@susadmin

susadmin@lemmy.world · edit-2 8 days ago

The files in this (early) dataset 12 are identical to the dataset 12 here, which is the link in the OP. The MD5 hashes are identical.

I shared a .csv file of the calculated MD5 hashes here

susadmin@lemmy.world · 8 days ago

rsync --checksum is better than my file name + file size comparison, since you are calculating the hash of each file and comparing it to the hash all other files. For example, if there is a file called data1.pdf with size 1024 bytes in dataset9-v1, and another file called data1.pdf with size 1024 bytes in dataset9-v2, but their content is different, my method will still detect them as identical files.

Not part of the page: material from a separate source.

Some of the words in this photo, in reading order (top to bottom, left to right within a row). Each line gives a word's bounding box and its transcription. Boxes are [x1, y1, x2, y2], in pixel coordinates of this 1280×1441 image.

I’m going to modify my script to calculate and compare the hashes of all files that I previously determined to be duplicates. If the hashes of the duplicates in dataset9 (45GB torrent) match the hashes of the duplicates in dataset9 (86GB torrent), then they are in fact duplicates between the two datasets.

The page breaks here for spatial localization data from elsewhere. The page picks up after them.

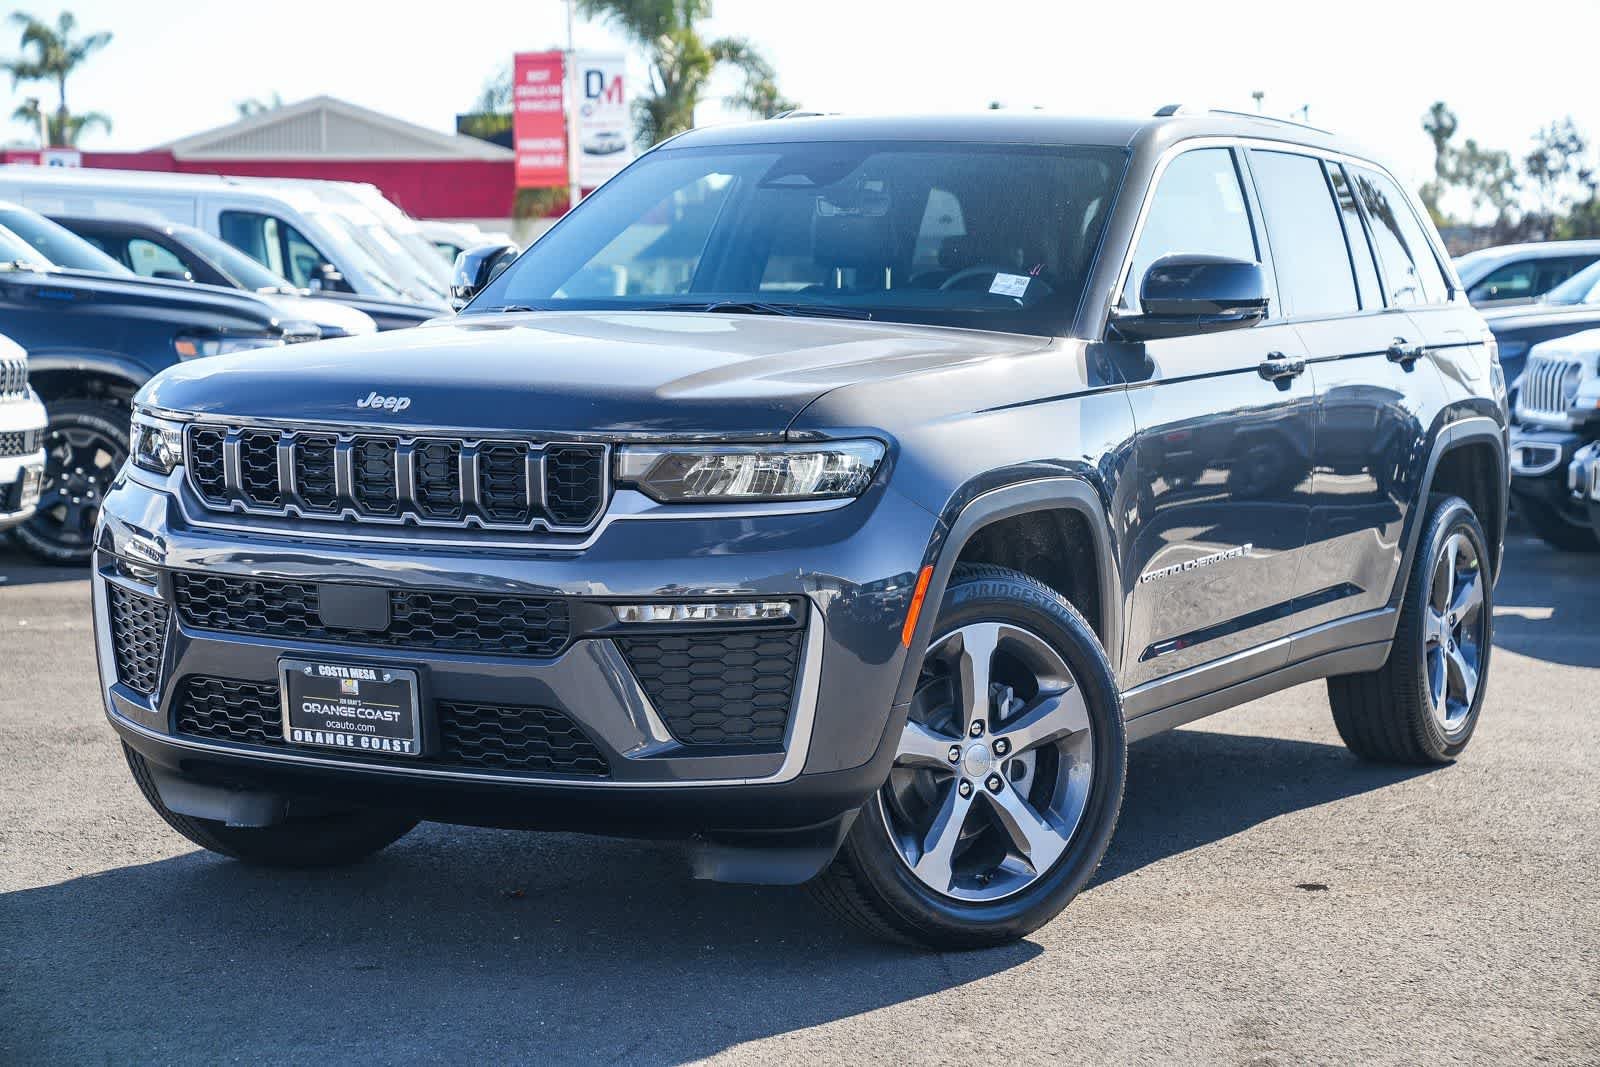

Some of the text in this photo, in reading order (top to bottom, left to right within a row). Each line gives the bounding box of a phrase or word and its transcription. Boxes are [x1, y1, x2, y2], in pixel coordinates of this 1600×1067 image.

[356, 391, 411, 413] Jeep
[1142, 546, 1243, 584] GRAND CHEROKEE
[318, 665, 377, 681] COSTA MESA
[302, 702, 401, 722] ORANGE COAST
[326, 719, 376, 733] ocauto.com
[293, 729, 411, 753] ORANGE COAST

susadmin@lemmy.world · 8 days ago

archive.org is a great idea. Post the link here when you can!

susadmin@lemmy.world · 8 days ago

Yes! I’m not sure the best way to do that - upload them to MEGA and message me a download link?

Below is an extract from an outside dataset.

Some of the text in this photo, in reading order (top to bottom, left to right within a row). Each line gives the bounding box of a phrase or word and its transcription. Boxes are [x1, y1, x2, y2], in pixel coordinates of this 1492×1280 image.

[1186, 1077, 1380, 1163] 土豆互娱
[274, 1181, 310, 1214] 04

susadmin@lemmy.world · 8 days ago

I’m in the process of downloading both dataset 9 torrents (45.63 GB + 86.74 GB). I will then compare the filenames in both versions (the 45.63GB version has 201,358 files alone), note any duplicates, and merge all unique files into one folder. I’ll upload that as a torrent once it’s done so we can get closer to a complete dataset 9 as one file.